I have been a health insurance broker for over a decade and every day I read more and more "horror" stories that are posted on the Internet regarding health insurance companies not paying claims, refusing to cover specific illnesses and physicians not getting reimbursed for medical services. Medicare's annual open enrollment period starts on Monday, and beneficiaries can join Medicare Advantage plans, switch plans or return to original Medicare. Enrollment in CDPHP Medicare Advantage depends on contract renewal. There is also a complaint process if you are not satisfied with the quality of services that you received from United Behavioral Health or your behavioral health practitioner.

We must decide on a fast appeal no later than 72 hours after we get your appeal, but will make it sooner if your health requires us to. If we do not give you our decision within 72 hours, your request will automatically go to the second level of appeal, where an independent organization will review your case.

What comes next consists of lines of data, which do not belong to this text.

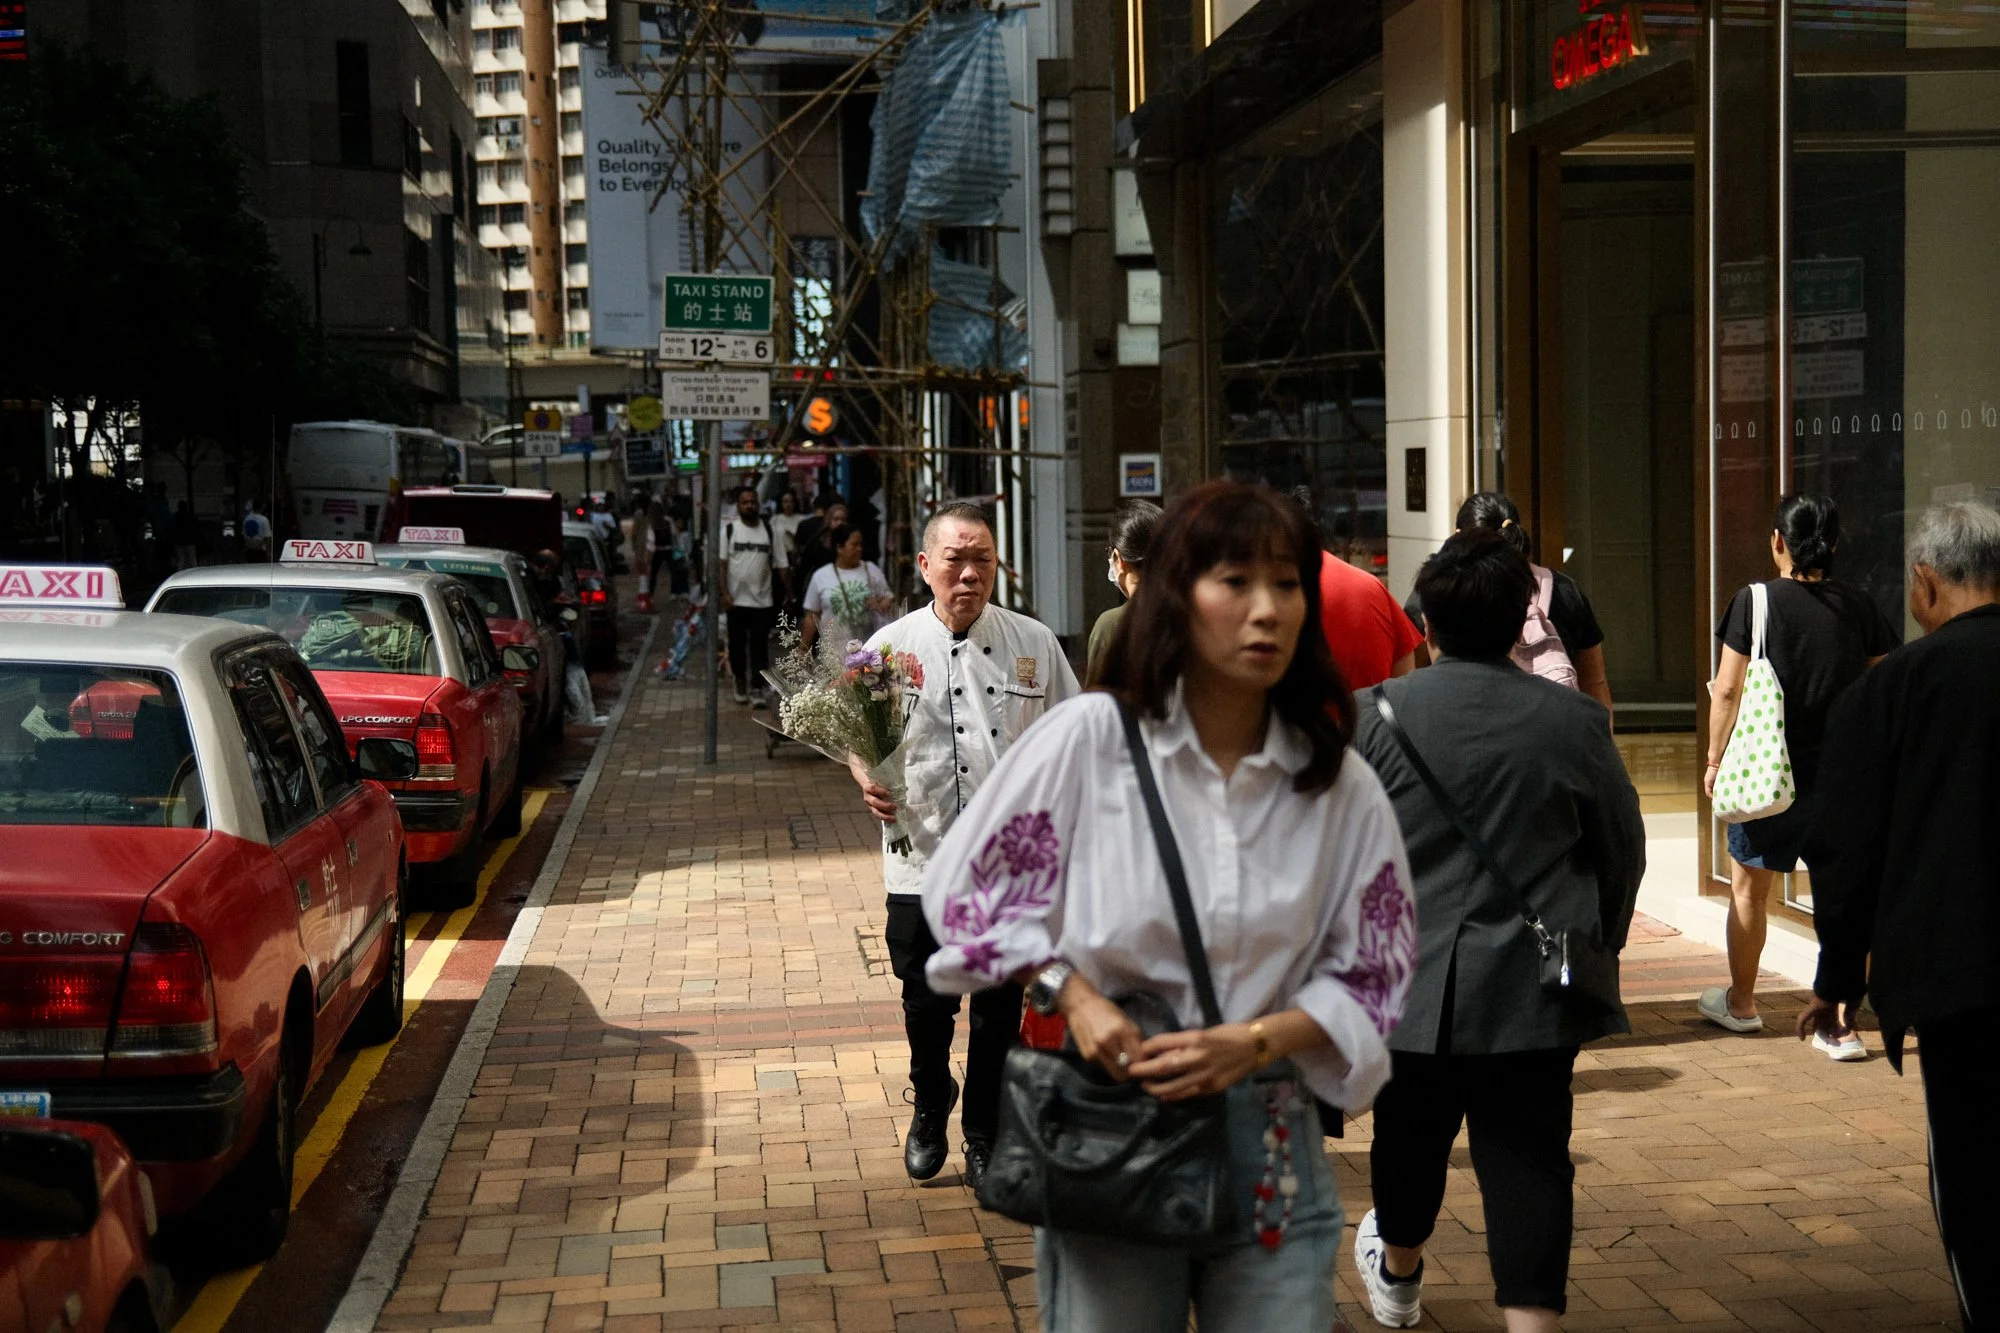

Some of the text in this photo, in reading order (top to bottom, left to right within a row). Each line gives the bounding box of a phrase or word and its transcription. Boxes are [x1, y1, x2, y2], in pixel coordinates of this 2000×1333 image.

[1552, 7, 1633, 89] OMEGA
[597, 139, 661, 156] Quality
[598, 158, 673, 177] Belongs
[600, 177, 617, 192] to
[673, 283, 764, 299] TAXI STAND
[683, 301, 753, 323] 的士站
[664, 336, 686, 344] noon
[691, 338, 713, 357] 12
[754, 340, 768, 359] 6
[405, 528, 460, 541] TAXI
[291, 541, 365, 559] TAXI
[340, 715, 416, 724] LPG COMFORT
[22, 931, 126, 946] COMFORT

The appeal process is somewhat different depending on the denied item or service and whether you're filing an appeal with Original Medicare or with a Medicare Advantage plan or Prescription Drug Plan. If our answer is yes to part or all of your request, we will authorize or provide the coverage we have agreed to provide within 30 days after we receive the appeal.

If a Medicare Advantage plan gave you prior approval for a medical service, it can't deny you coverage later due to lack of medical necessity. The OIG notes that capitated payments used in the Medicare Advantage program could incentivize insurers to limit care in order to increase profits.

If that happens, and you feel there has been an error, you can file a Medicare appeal. Concluding that How to Appeal Medicare Advantage Denial you or your loved one's healthcare needs could effectively be managed at a lower level of care, such as a skilled nursing facility. Beneficiaries and providers rarely used the appeals process.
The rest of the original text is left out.